Kenneth G Saag; Piet Geusens

Disclosures

Arthritis Res Ther. 2009;11(5):251 

In This Article

Subsequent Fractures and Postfracture Mortality Cluster in Time: The Need for Immediate Clinical Attention in Patients Presenting with a Fracture

A history of nonvertebral fracture is associated with a doubling of the risk of a subsequent fracture, and the subsequent fracture risk is even quadrupled after a vertebral fracture. However, this re-fracture risk is not constant over time and is driven by the high, threefold to fivefold increase in the years immediately after a first fracture, followed by a gradual waning later on (Figure 3).[9] This has been shown for repeat morphometric vertebral fractures, subsequent clinical spine, forearm, and hip fractures after hospitalization because of a vertebral fracture, repeat low trauma fractures in subjects older than 60 years, repeat clinical vertebral and nonvertebral fractures from menopause onwards, and repeat hip fractures.[9–12] As a result, it has been shown in long-term follow-up studies that 40% to 50% of all subsequent fractures occur within 3 to 5 years after a first fracture. The clinical implication is that patients older than 50 years presenting with a fracture need immediate attention to reduce the risk of a subsequent fracture. This is a situation in which it is important to take immediate action in fracture patients, such as a fracture liaison service and other initiatives in the field of postfracture care.[13,14] It also indicates that, in such patients, treatment that has been shown to reduce fracture risk within the short term should be started.[15]

Figure 3.

Risk of first and subsequent fracture over time. (a) Percentage of all first fractures from menopause onwards (grey line) and fractures subsequent to initial fractures (black line). (b) Relative risk of all subsequent fractures calculated as a mean from the time of first fracture (grey line) and per separate year of follow-up after a first fracture (black line).

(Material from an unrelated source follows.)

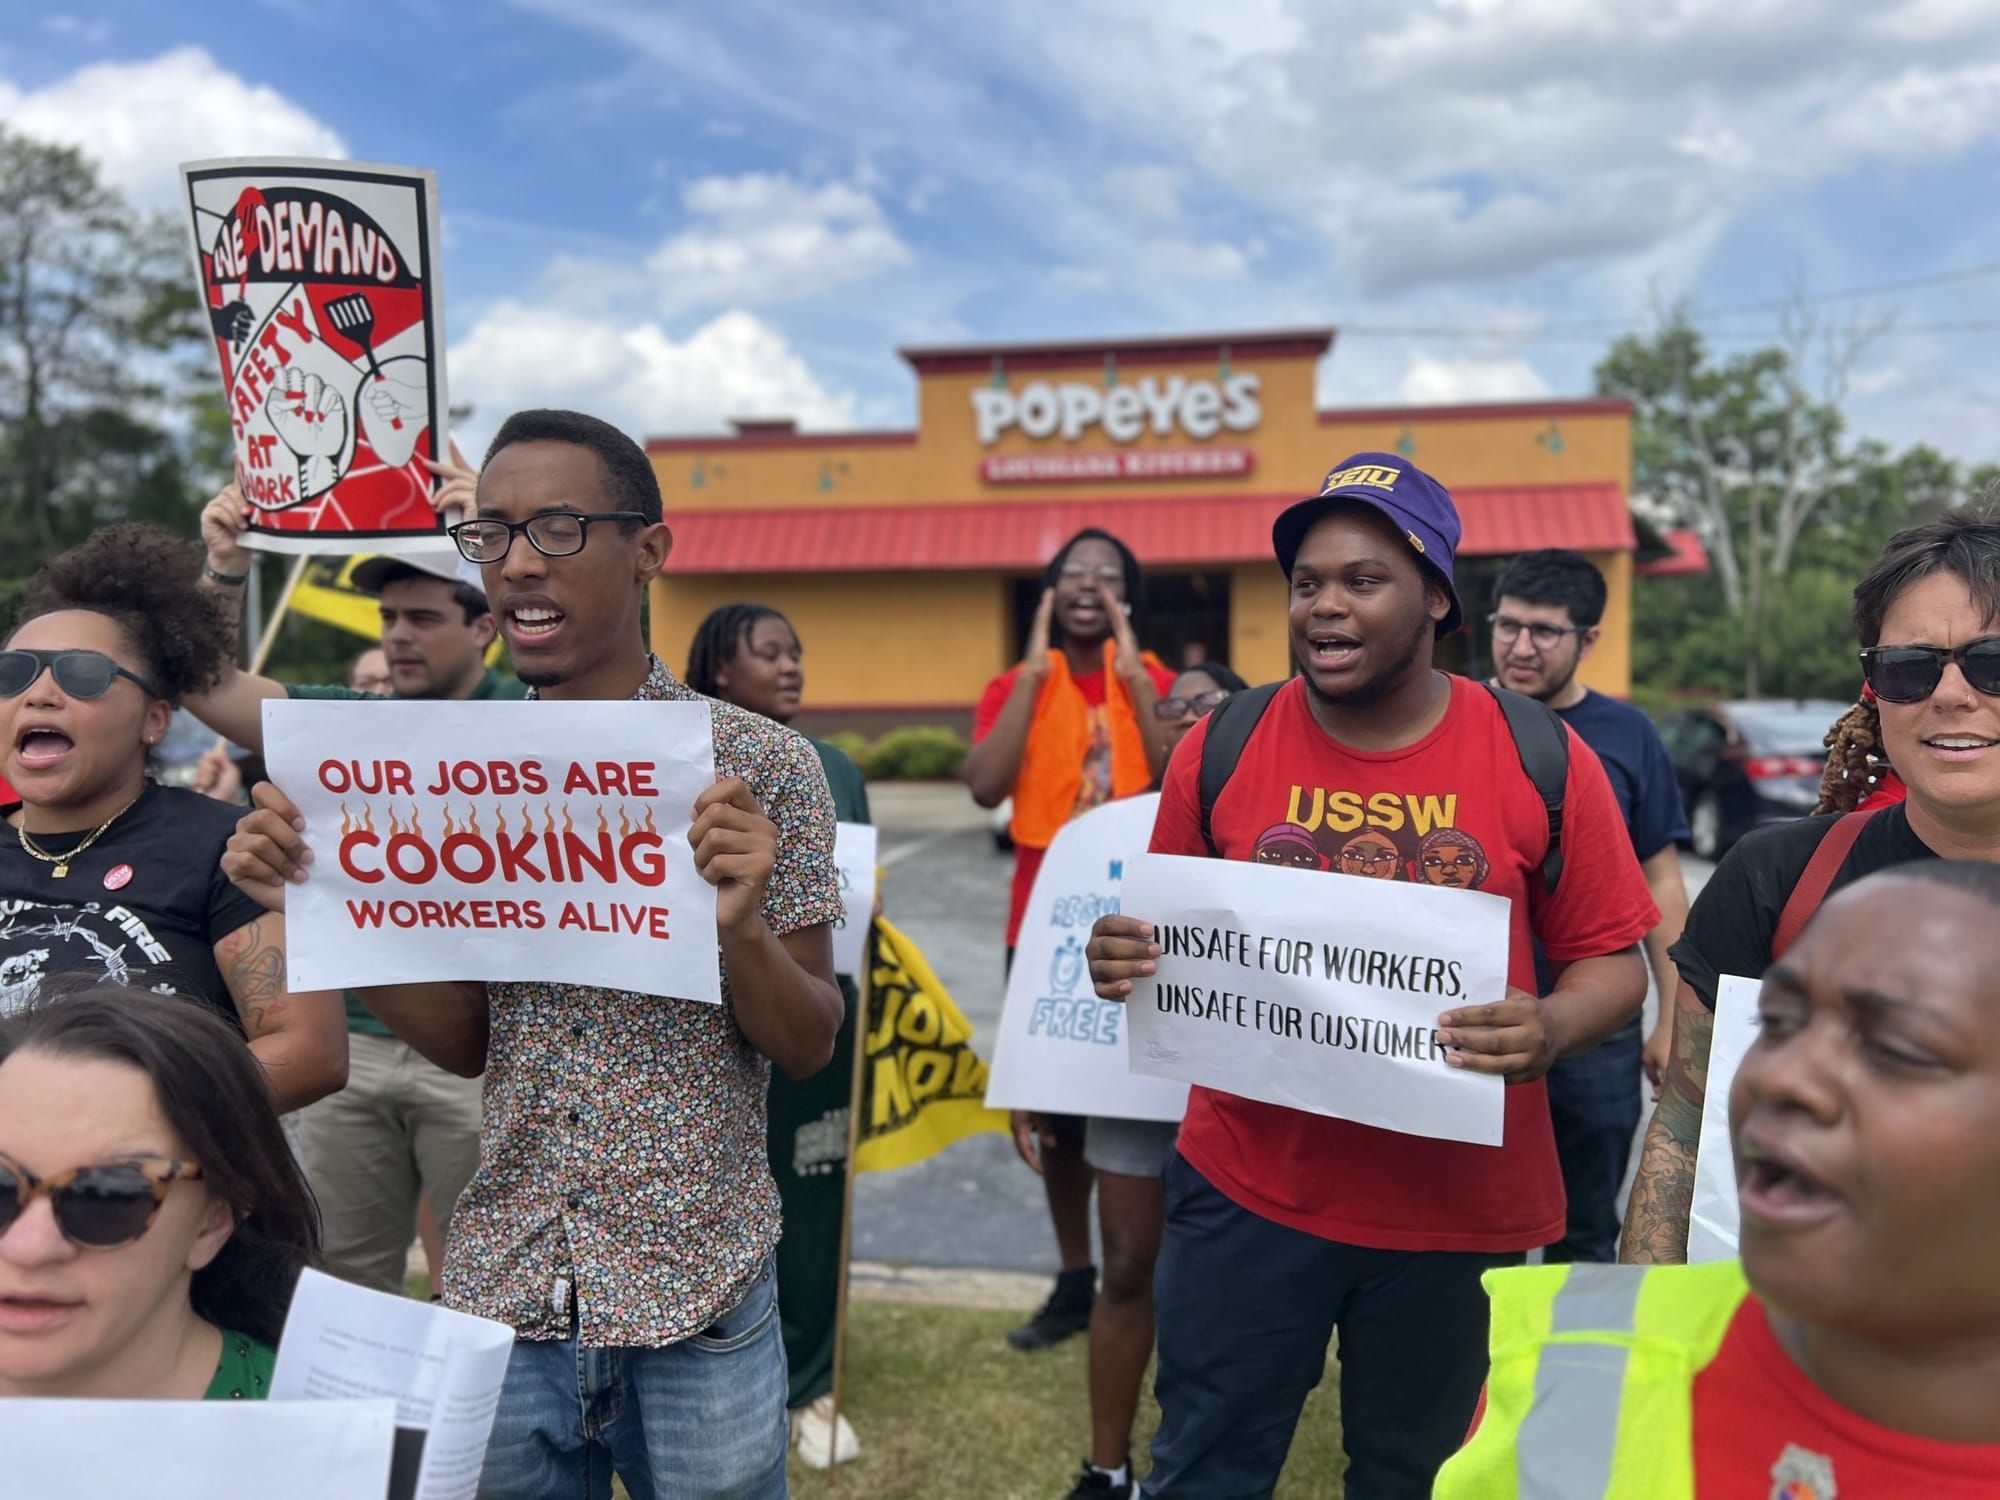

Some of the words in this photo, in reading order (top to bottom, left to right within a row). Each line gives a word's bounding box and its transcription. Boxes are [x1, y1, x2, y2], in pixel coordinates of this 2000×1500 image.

An increased risk of mortality has been found after hip, vertebral, and several nonhip, nonvertebral fractures.[16] As for subsequent fracture risk, this increase in mortality is higher immediately after fracture than later on. In women and men older than 60 years, nearly 90% of excess deaths related to fracture over the 18 years of observation occurred in the first 5 years. Of the 5-year excess mortality, hip, vertebral, and nonhip, nonvertebral fractures were each associated with approximately one third of deaths. The major causes of death were related to cardiovascular and respiratory comorbidity.[16]